— MATERIAL SUPPLIED —
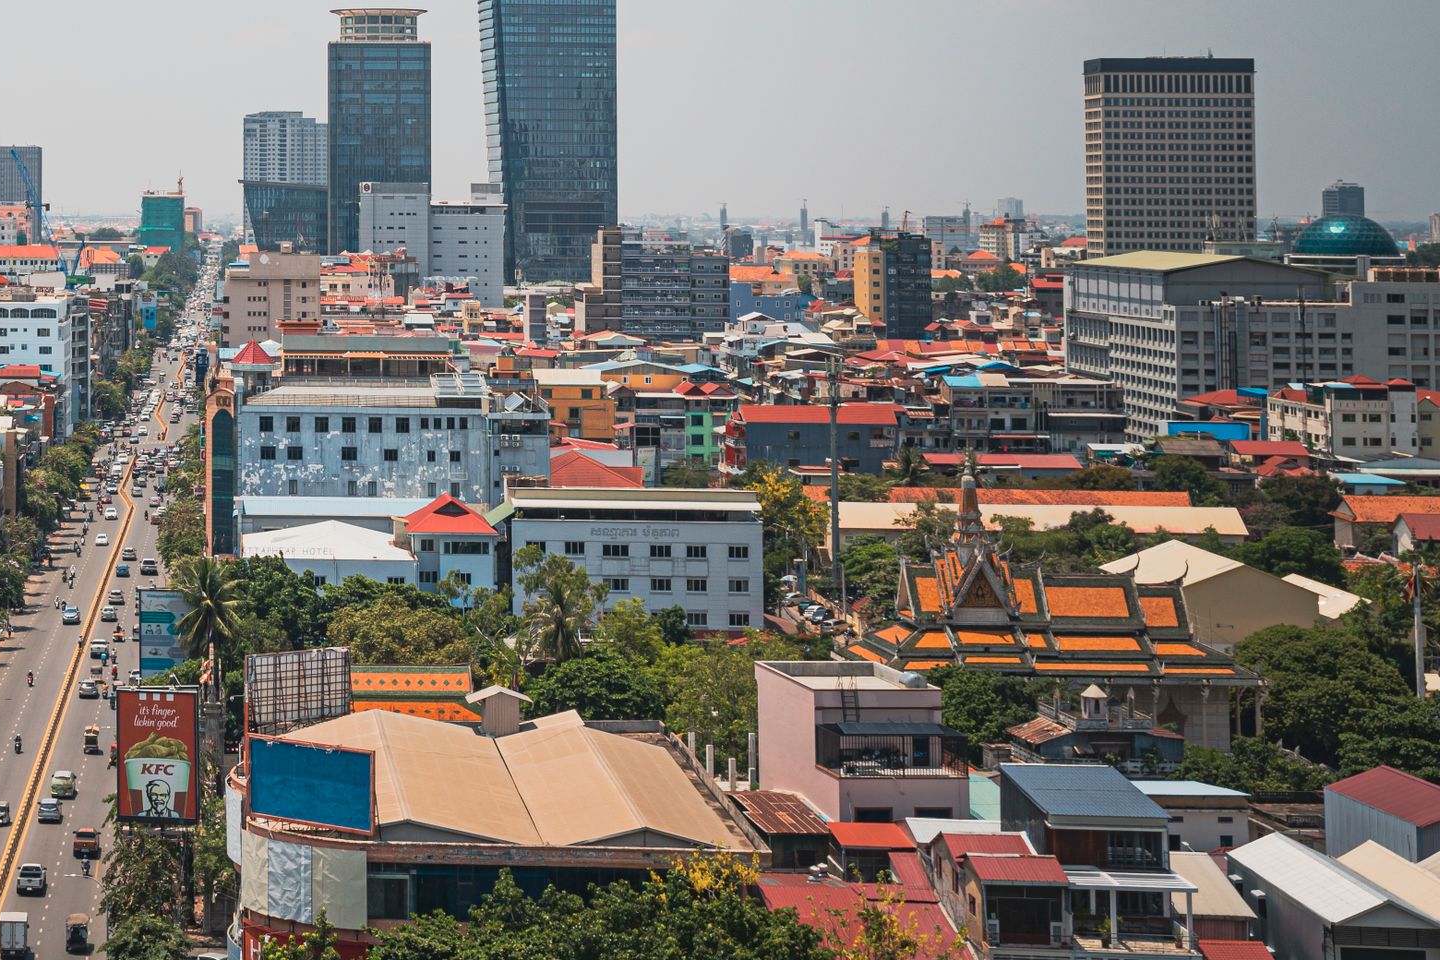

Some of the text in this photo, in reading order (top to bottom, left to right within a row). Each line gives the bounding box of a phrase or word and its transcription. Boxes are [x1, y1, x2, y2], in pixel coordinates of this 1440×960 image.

[302, 547, 334, 556] HOTEL
[151, 704, 176, 719] finger
[141, 764, 175, 776] KFC
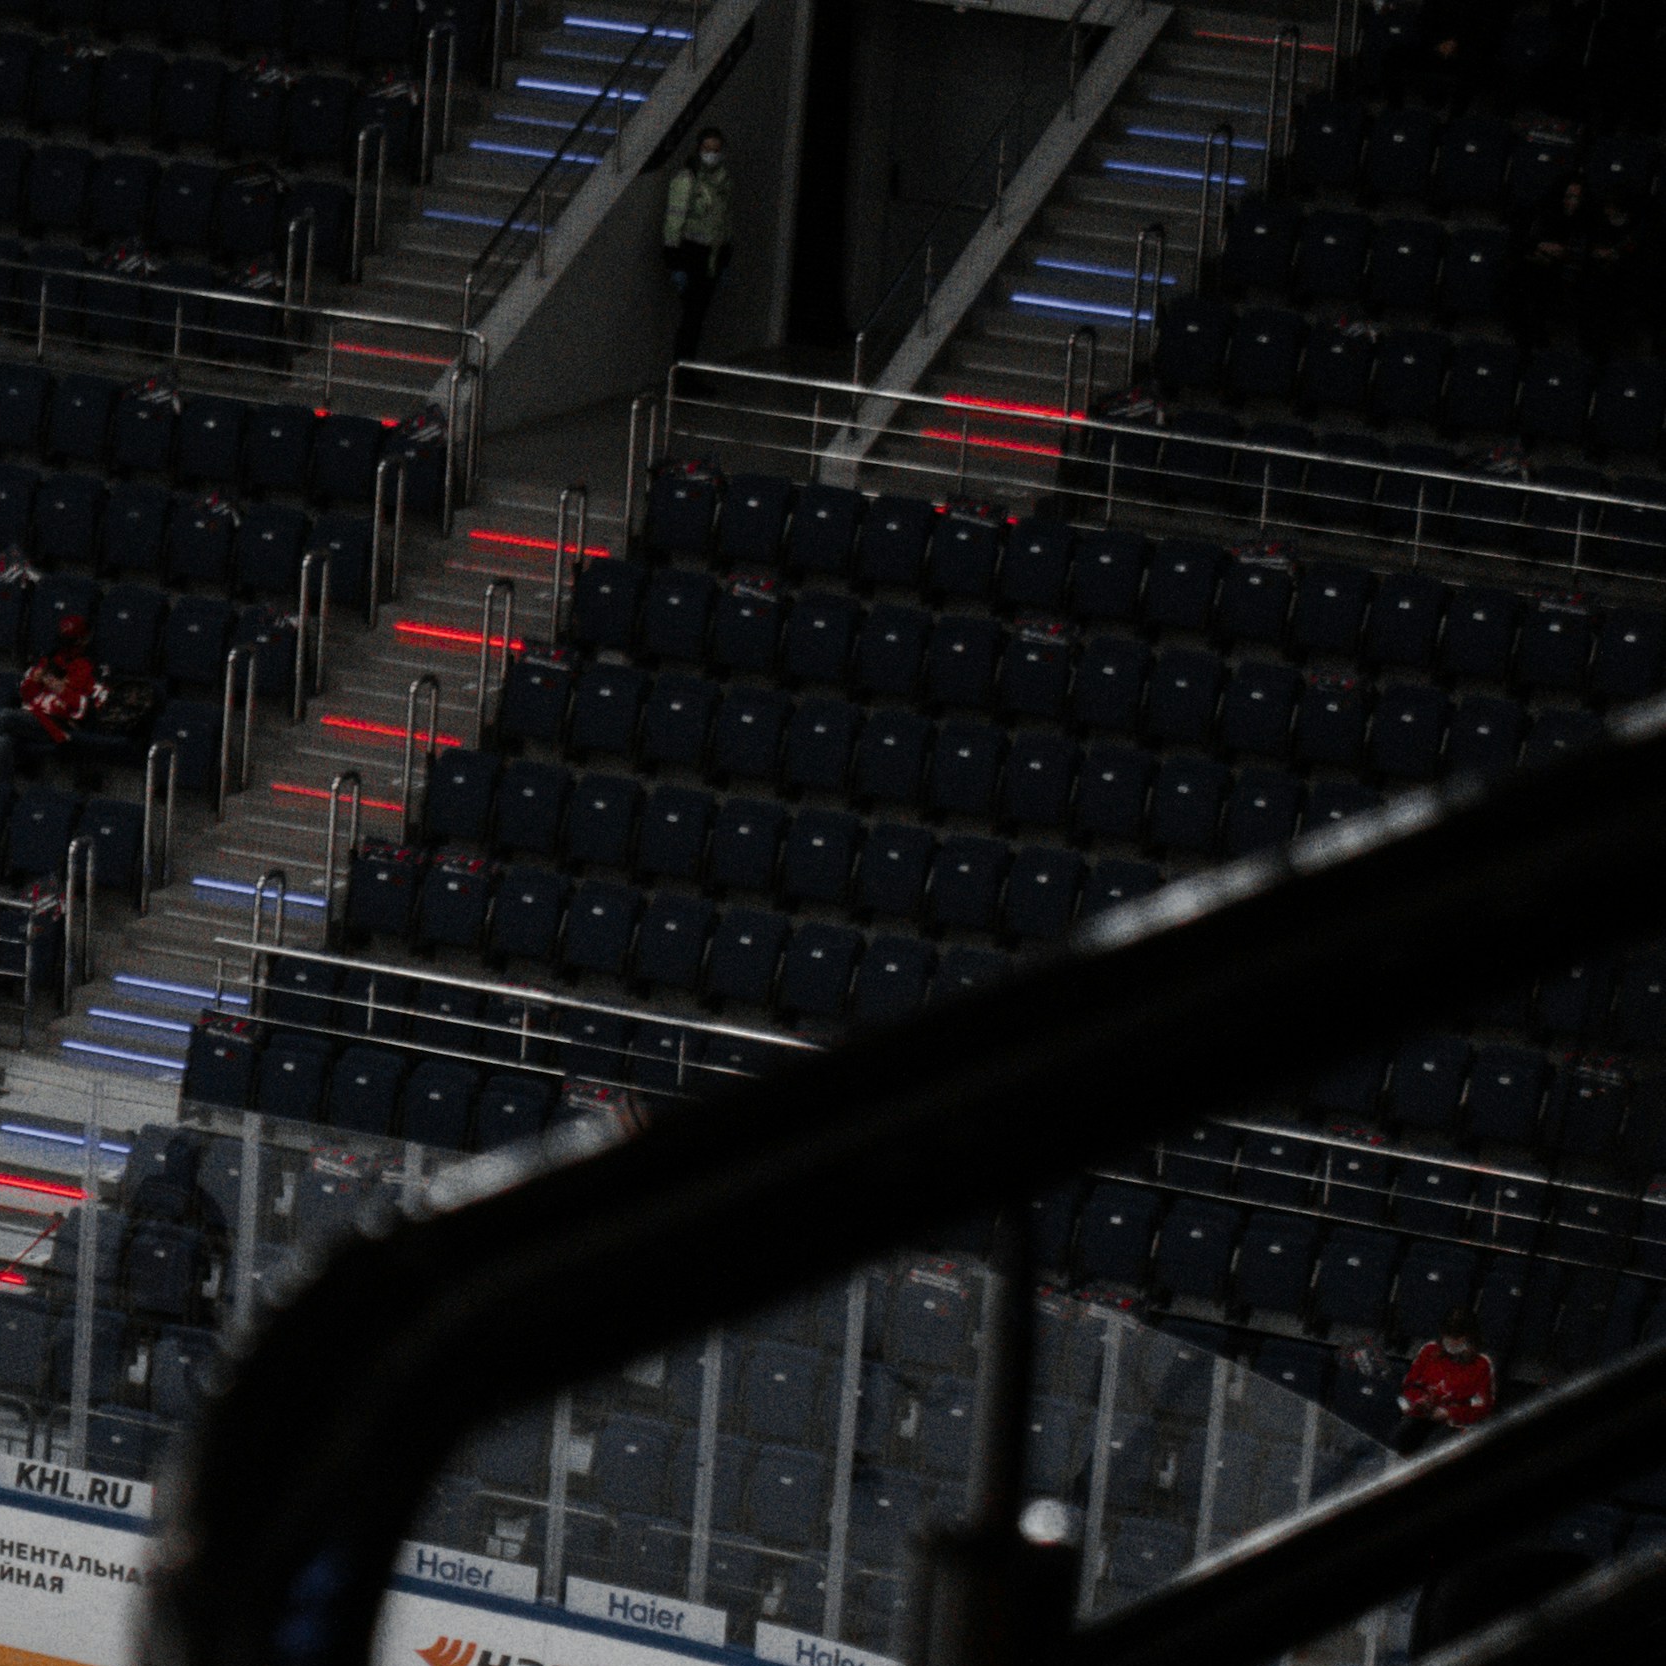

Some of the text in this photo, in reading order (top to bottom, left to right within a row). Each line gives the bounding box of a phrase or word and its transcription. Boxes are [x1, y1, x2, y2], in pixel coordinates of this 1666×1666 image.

[15, 1462, 133, 1509] KHL.RU
[417, 1549, 493, 1589] Haier
[609, 1593, 686, 1633] Haier

— EXERCISE —
The reply should consist only of the line containing "this 1666×1666 image." and all lines after it in the listing above, reproduced exactly.

— SOLUTION TO THE EXERCISE —
Some of the text in this photo, in reading order (top to bottom, left to right within a row). Each line gives the bounding box of a phrase or word and its transcription. Boxes are [x1, y1, x2, y2], in pixel coordinates of this 1666×1666 image.

[15, 1462, 133, 1509] KHL.RU
[417, 1549, 493, 1589] Haier
[609, 1593, 686, 1633] Haier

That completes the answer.